If the number of counters in counter C exceeds period T while the routine of FIG. 4 is being executed sequentially in each cycle, the process proceeds to step 406, where counter C is reset. When the counter C is reset, a high level voltage continues to be applied to the motor drive 25 again, and then a low level voltage continues to be applied to the motor drive 25. As a result, a drive pulse as shown in FIG. 4B is applied to the motor drive 25. Despite the increase in the diameter of the heat roller 21 over time, the recording paper feeding speed in the toner heat fixing mechanism is maintained constant.

[Action of the invention]

As is clear from the above description, in the toner heat fixing mechanism according to the present invention, even if the heat roller swells,
Since the recording paper feeding speed can be maintained constant, not only expansion and contraction of the recorded image but also color shift in the case of color recording does not occur, making it possible to perform high-quality recording. Furthermore, according to the present invention, the rotational speed of the heat roller is adjusted based on the cumulative energization time to the heat roller, which is in a functional relationship with the change in diameter of the heat roller over time.

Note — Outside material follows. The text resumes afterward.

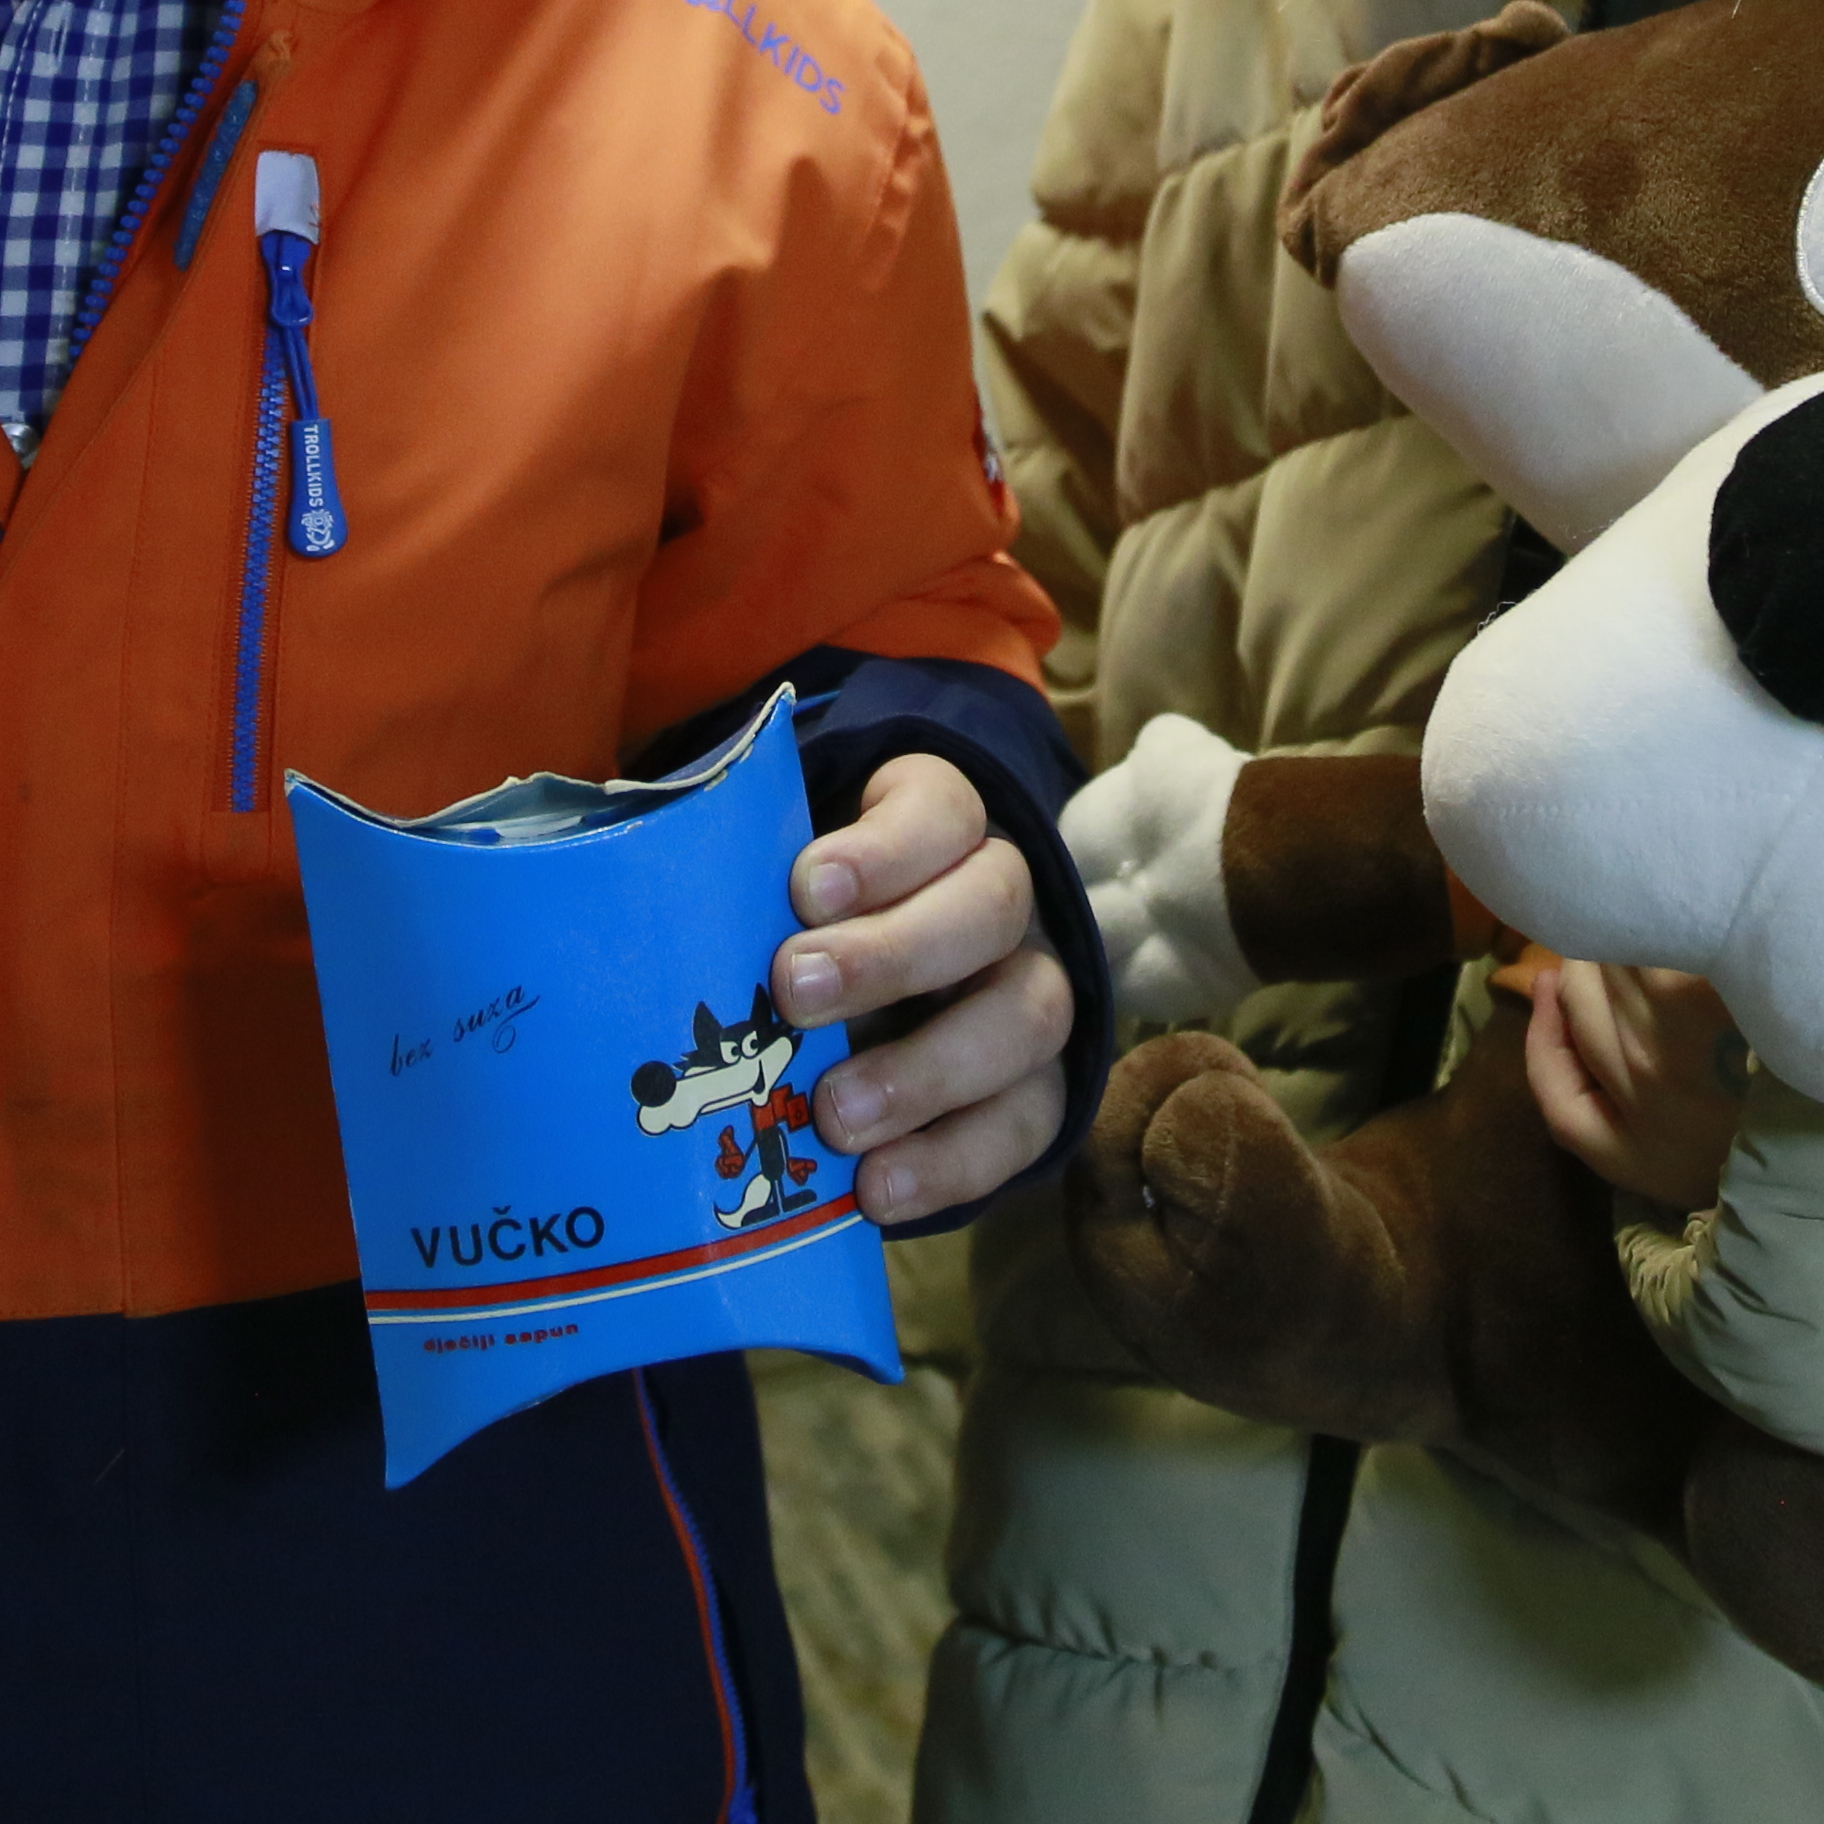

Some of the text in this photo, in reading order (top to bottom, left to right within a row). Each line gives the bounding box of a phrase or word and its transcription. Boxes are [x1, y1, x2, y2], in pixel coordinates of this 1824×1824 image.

[303, 423, 324, 508] TROLLKIDS
[390, 983, 540, 1078] bez suza
[410, 1205, 606, 1269] VUČKO
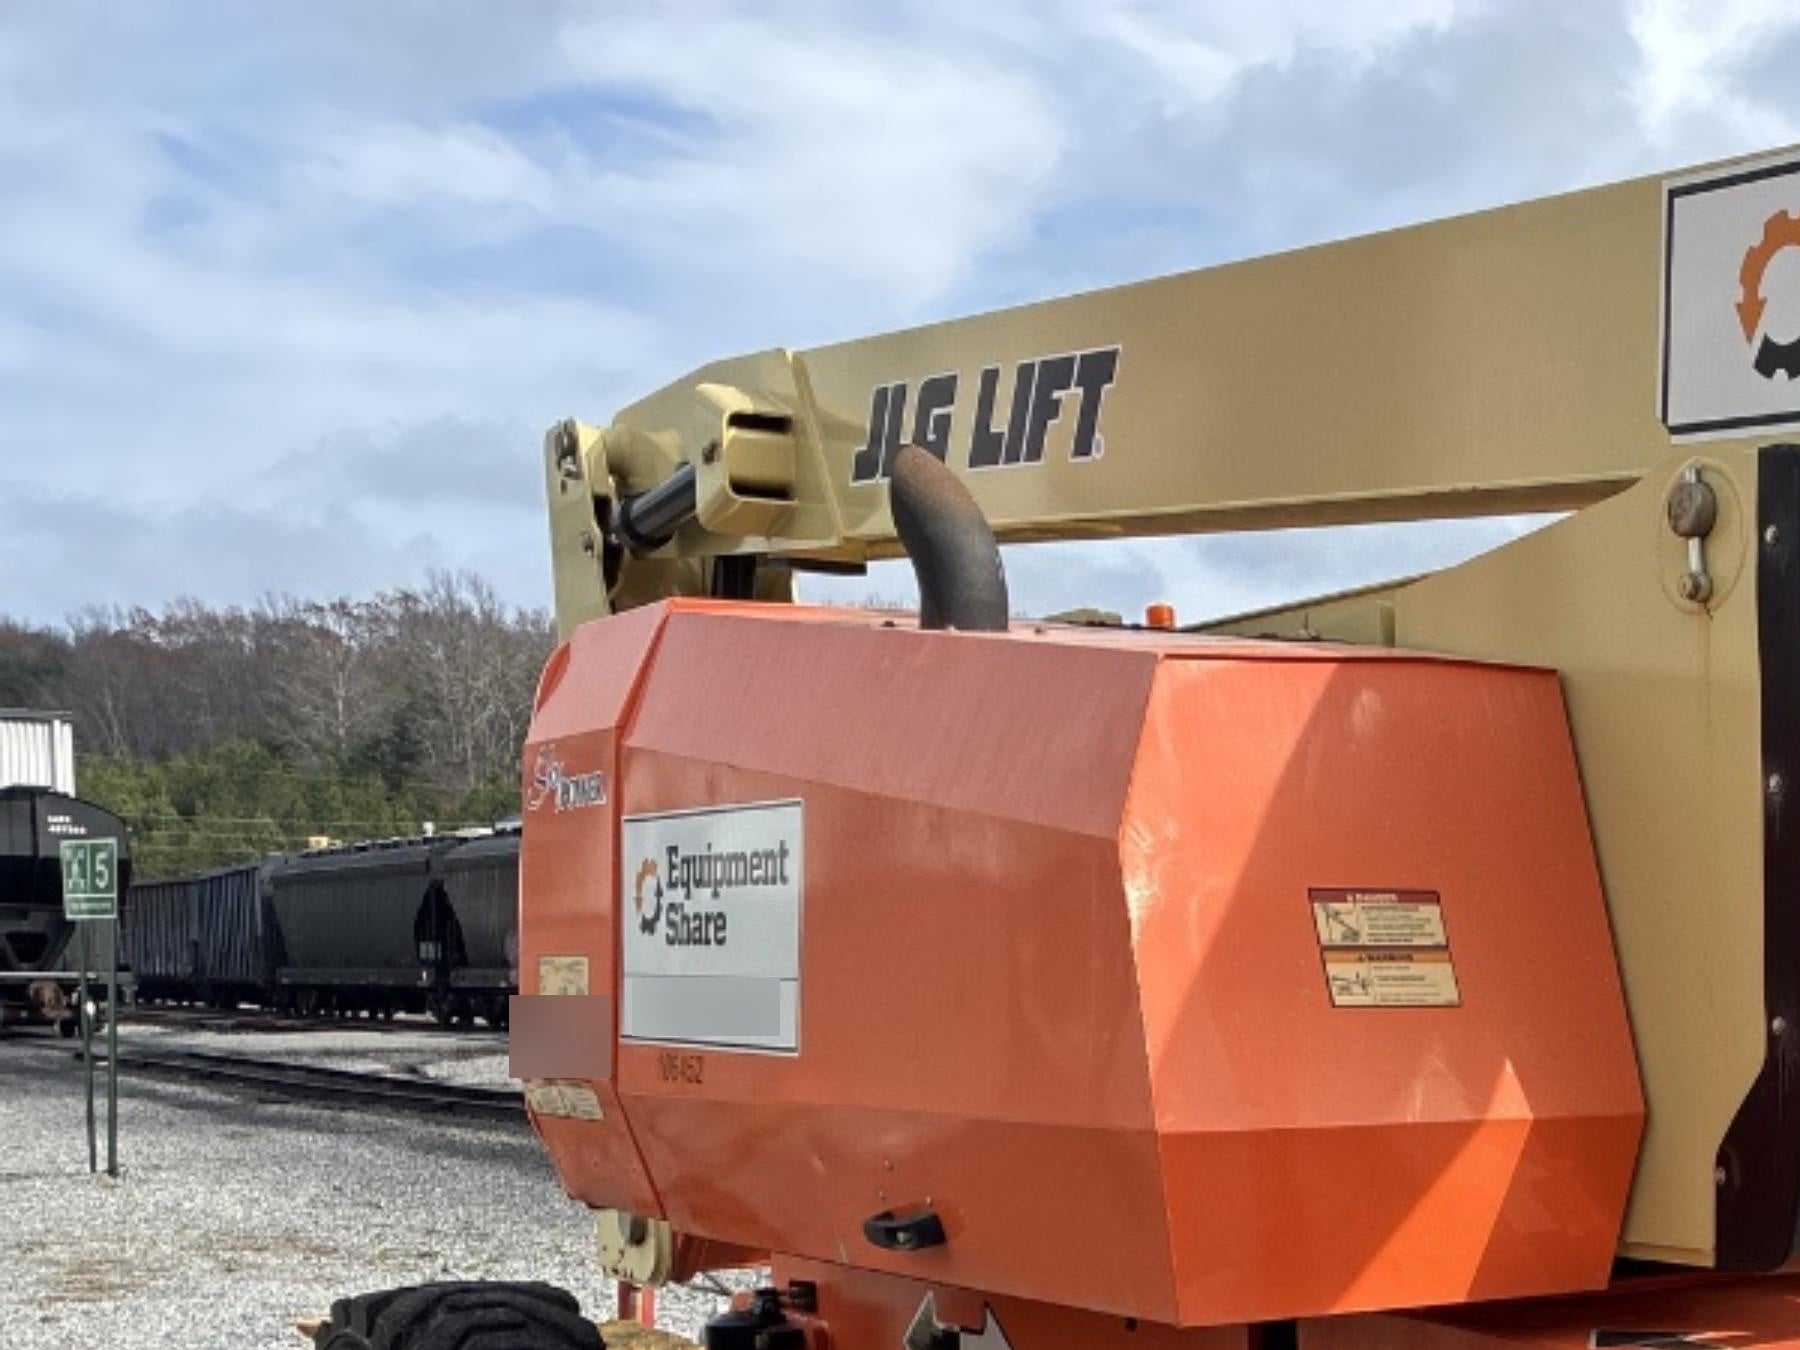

This allows for highly flexible control.

[Brief explanation of the drawing]

FIG. 1 is a configuration diagram of a toner heat fixing mechanism according to the present invention, and FIG.
The figure is a schematic diagram of a color electrophotographic recording device incorporating the toner heat fixing mechanism according to the present invention, and FIG. 3 determines the driving pulse cycle of the servo motor for driving the heat roller of the toner heat fixing mechanism shown in FIG. 2. FIG. 4A is a routine for explaining the operation of the toner heat fixing mechanism shown in FIG. 2, and FIG. 4B is a routine for driving the servo motor for driving the heat roller of the toner heat fixing mechanism shown in FIG. A waveform diagram showing the pulses, Figure 5 is a schematic diagram of a color electrophotographic recording device incorporating a conventional toner heat fixing mechanism, and Figure 6 is the relationship between the change in the diameter of the heat roller over time and the time it is energized. FIG. 7 is a schematic diagram showing a conventional example of measuring the change in diameter of a heat roller. 20... Toner heat fixing mechanism, 21... Heat roller, 22... Backup roller, 23... Roller 24... Servo motor,
25...Motor drive, 26...Hour meter,
27...Control circuit.

Claims (1)

[Claims] 1. A toner heat fixing mechanism (20) incorporated in a recording device using toner, including a measuring means (26) for measuring the cumulative energization time to the heat roller, and a toner heat fixing mechanism (20) that measures the cumulative energization time to the heat roller, and according to the energization time measured by this measuring means. A toner heat fixing mechanism comprising: adjusting means (24, 25, 27) for adjusting the rotational speed of the heat roller to maintain a constant recording paper feeding speed.